Here’s what we know: The videotapes were subject to long-running ACLU Freedom of Information Act litigation seeking to make public information about the torture program. After news about the videotape destruction broke, the judge in the case ordered the CIA to produce information about, among other things, the content of those videotapes. 

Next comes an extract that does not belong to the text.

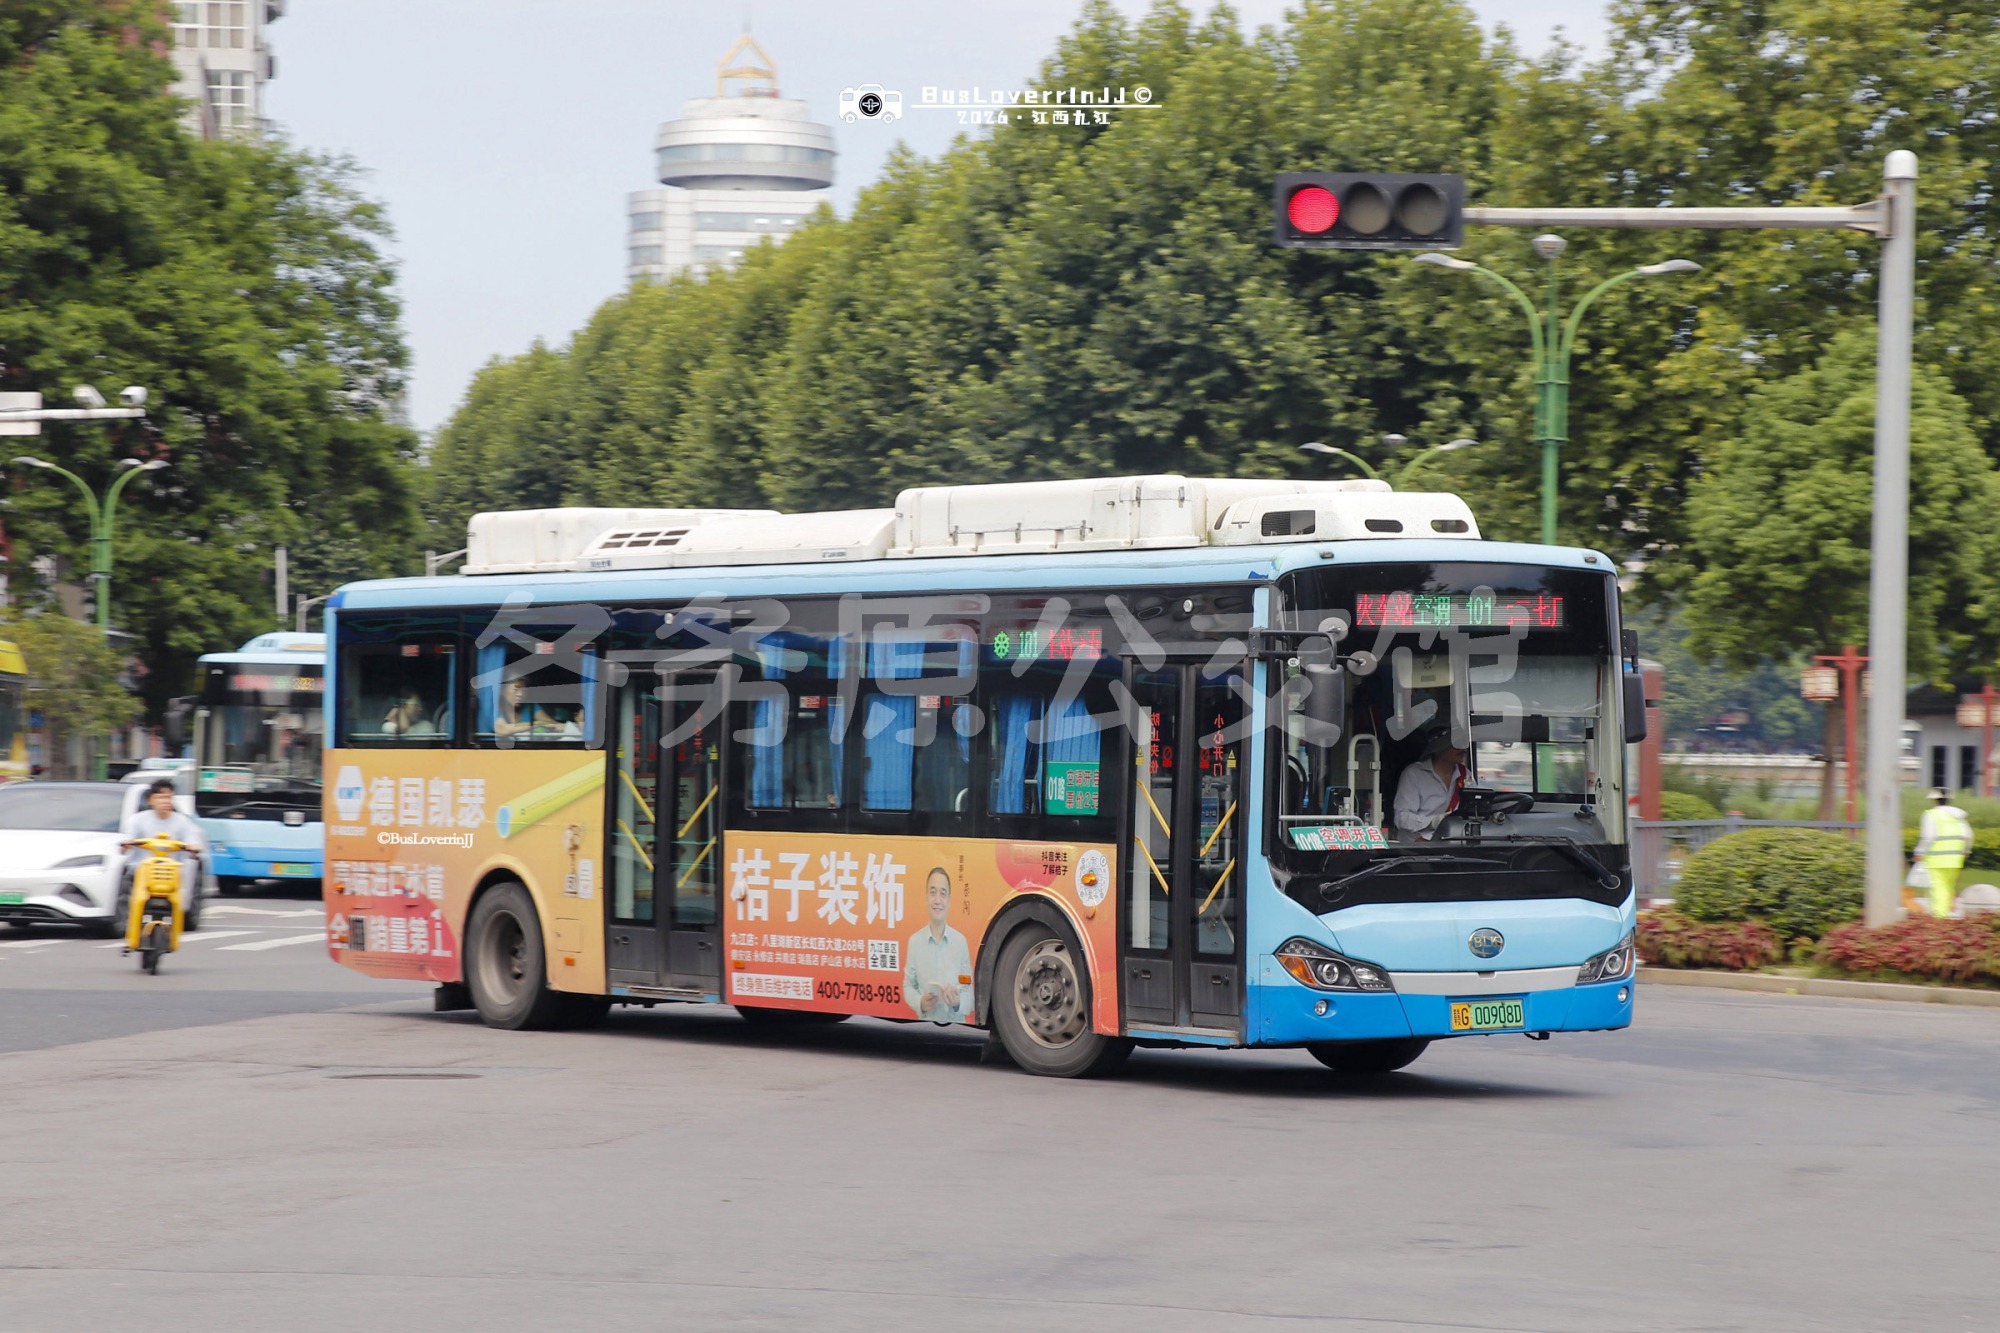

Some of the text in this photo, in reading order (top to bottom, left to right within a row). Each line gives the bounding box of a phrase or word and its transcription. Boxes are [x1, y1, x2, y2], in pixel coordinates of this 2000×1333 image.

One of the documents the CIA produced — with a heading “Inventory and Review of Interrogation Videotapes”— shows that in December 2002, the CIA inventoried tapes created during the interrogations of both Abu Zubaydah and al-Nashiri. According to the inventory, 90 of the videotapes were of one detainee (Detainee #1), referenced sometimes as AZ or Abu Z.  Tapes numbered 91 and 92 in that document were under a subheading, “Detainee #2.” Detainee #2 is not identified, but based on the initial description in the document itself, we can presume detainee #2 was al-Nashiri. In any event, it’s clear there were tapes of two detainees.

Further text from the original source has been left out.